Description of the task: The entries are to be output word for word, with the pictures omitted.

(Image-backed grounding data)
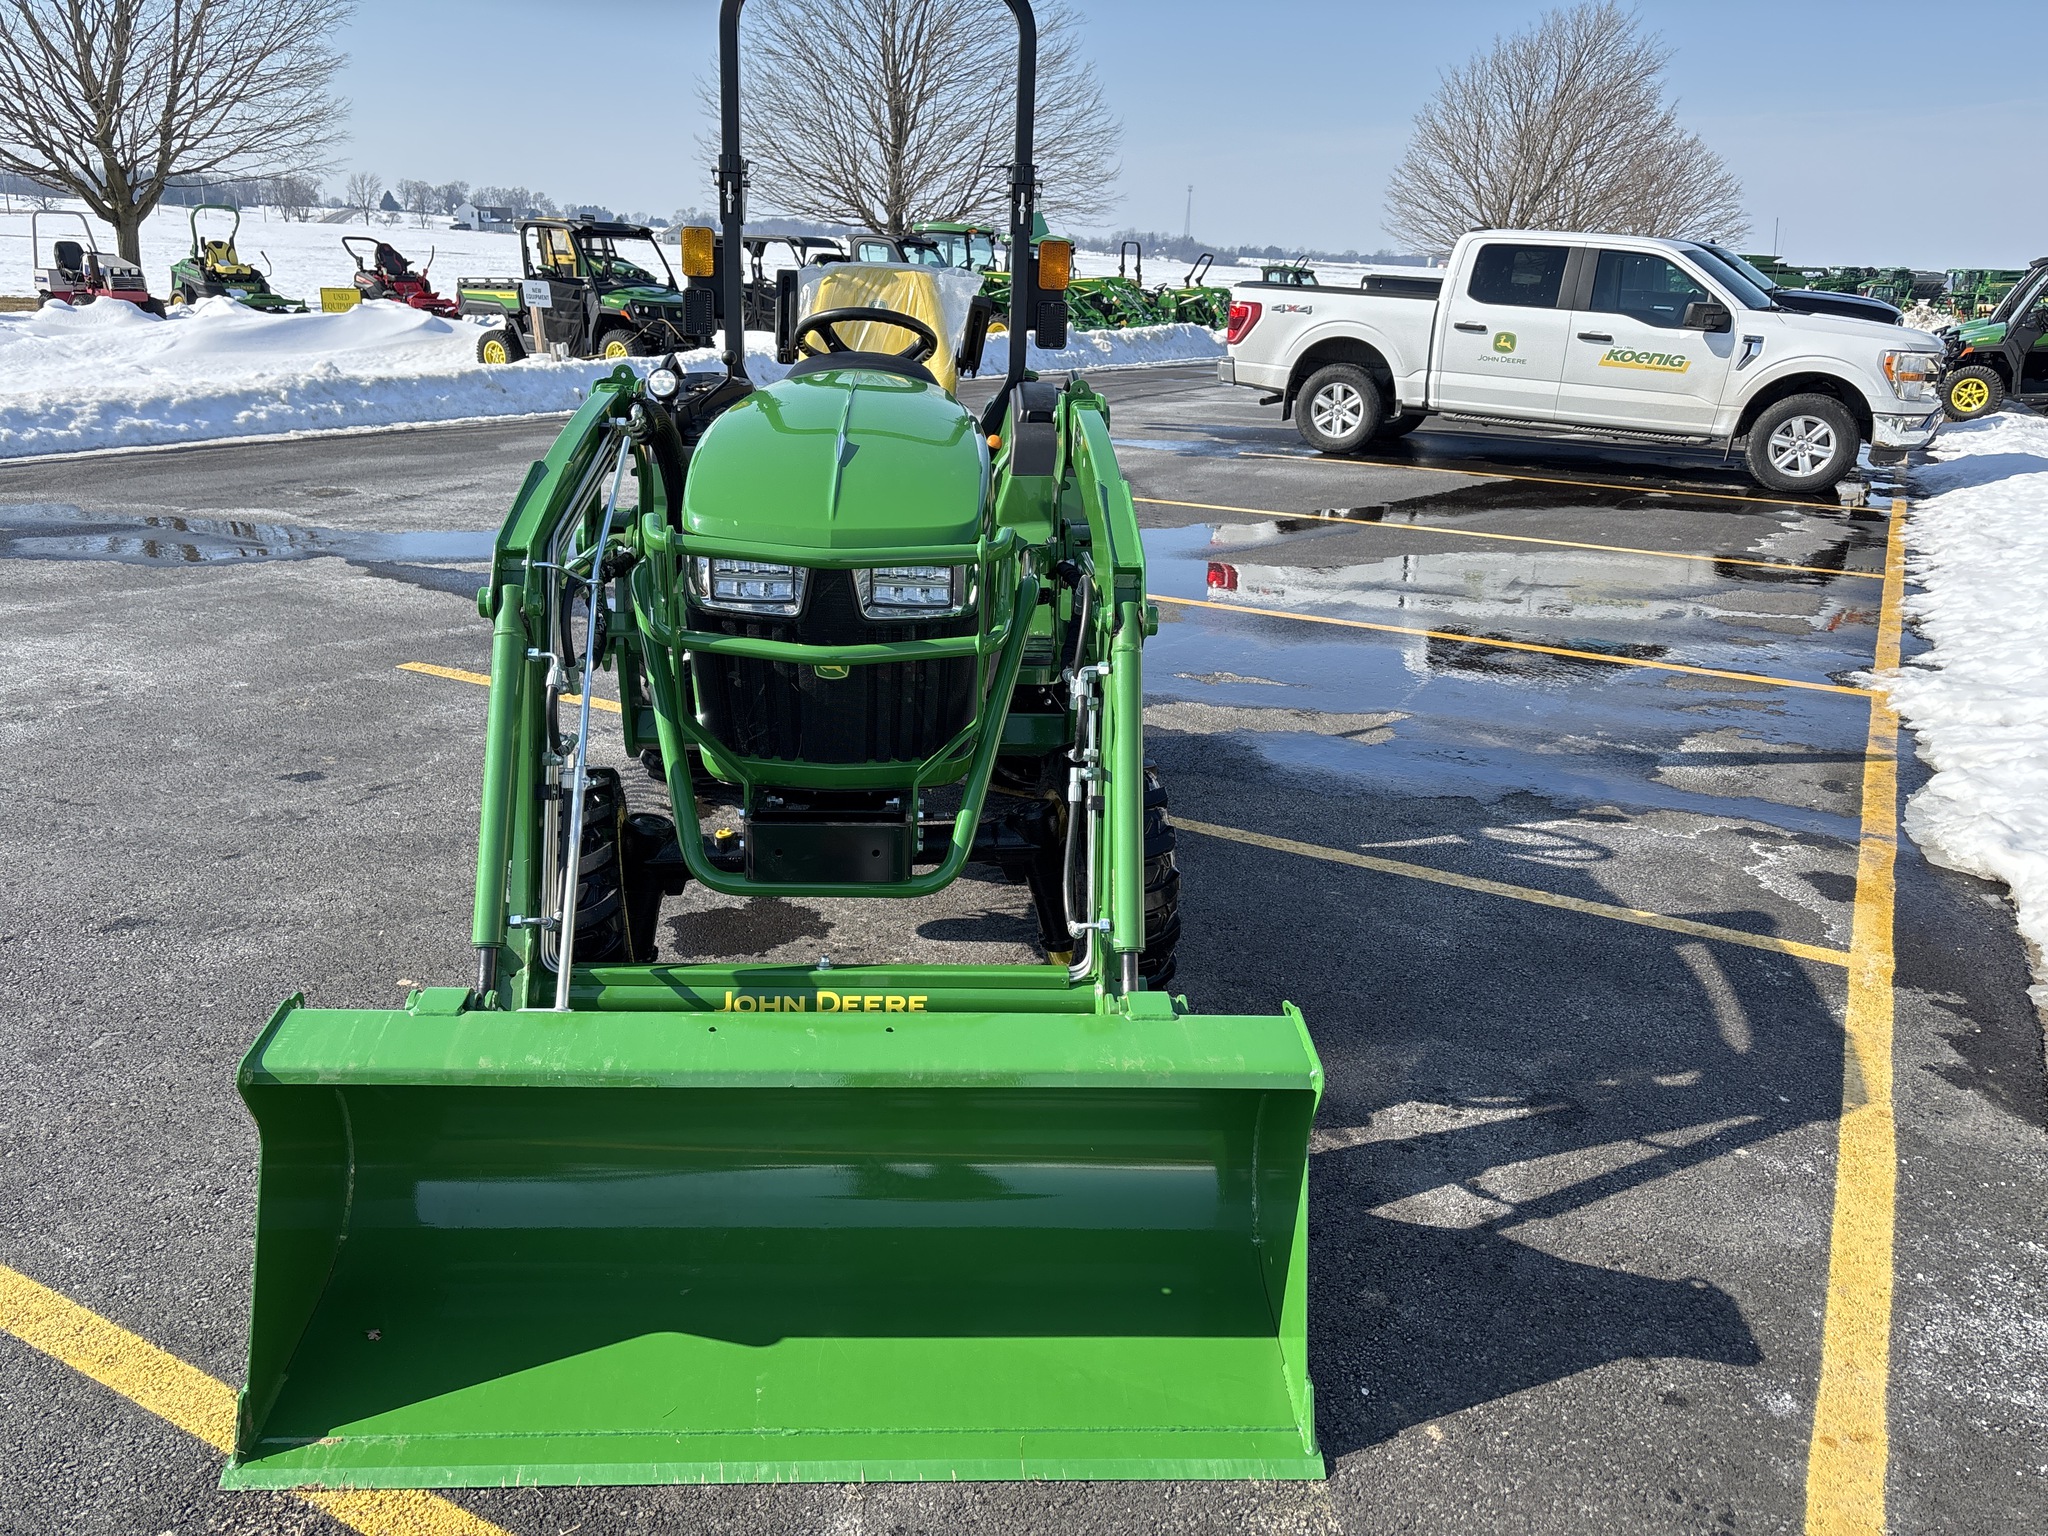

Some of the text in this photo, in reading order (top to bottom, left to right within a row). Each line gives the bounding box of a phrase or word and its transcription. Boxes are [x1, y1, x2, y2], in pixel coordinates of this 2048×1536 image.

[333, 293, 350, 301] USED
[324, 302, 355, 312] EQUIPME
[1477, 354, 1527, 365] JOHN DEERE
[714, 991, 928, 1013] JOHN DEERE
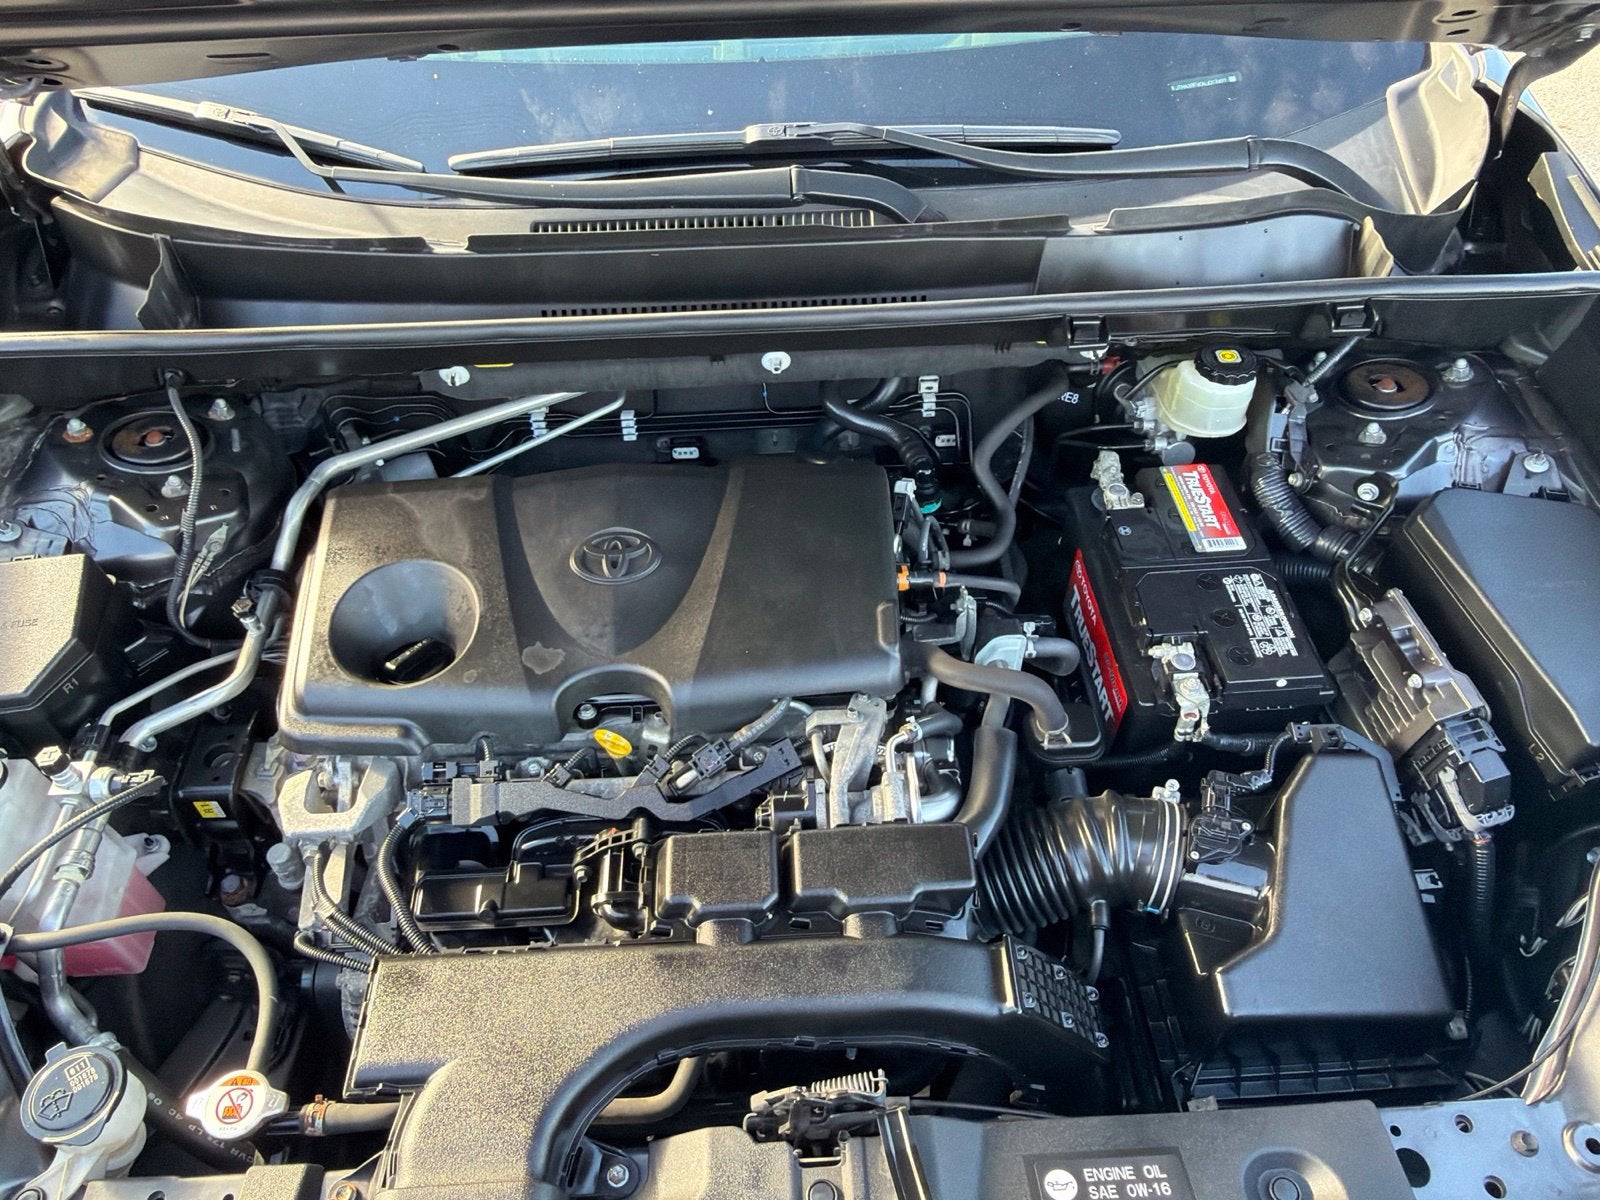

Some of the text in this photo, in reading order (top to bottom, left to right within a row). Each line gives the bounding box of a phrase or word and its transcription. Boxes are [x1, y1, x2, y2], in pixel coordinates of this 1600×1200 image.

[1201, 473, 1216, 495] TOYOTA
[1079, 575, 1097, 627] TOYOTA
[11, 617, 39, 627] FUSE
[62, 677, 79, 694] R1
[1083, 1164, 1168, 1182] ENGINE OIL
[1089, 1182, 1172, 1200] SAE 0W-16

The completed task:
Some of the text in this photo, in reading order (top to bottom, left to right within a row). Each line gives the bounding box of a phrase or word and its transcription. Boxes are [x1, y1, x2, y2], in pixel coordinates of this 2048×1536 image.

[333, 293, 350, 301] USED
[324, 302, 355, 312] EQUIPME
[1477, 354, 1527, 365] JOHN DEERE
[714, 991, 928, 1013] JOHN DEERE

Some of the text in this photo, in reading order (top to bottom, left to right within a row). Each line gives the bounding box of a phrase or word and its transcription. Boxes are [x1, y1, x2, y2], in pixel coordinates of this 1600×1200 image.

[1201, 473, 1216, 495] TOYOTA
[1079, 575, 1097, 627] TOYOTA
[11, 617, 39, 627] FUSE
[62, 677, 79, 694] R1
[1083, 1164, 1168, 1182] ENGINE OIL
[1089, 1182, 1172, 1200] SAE 0W-16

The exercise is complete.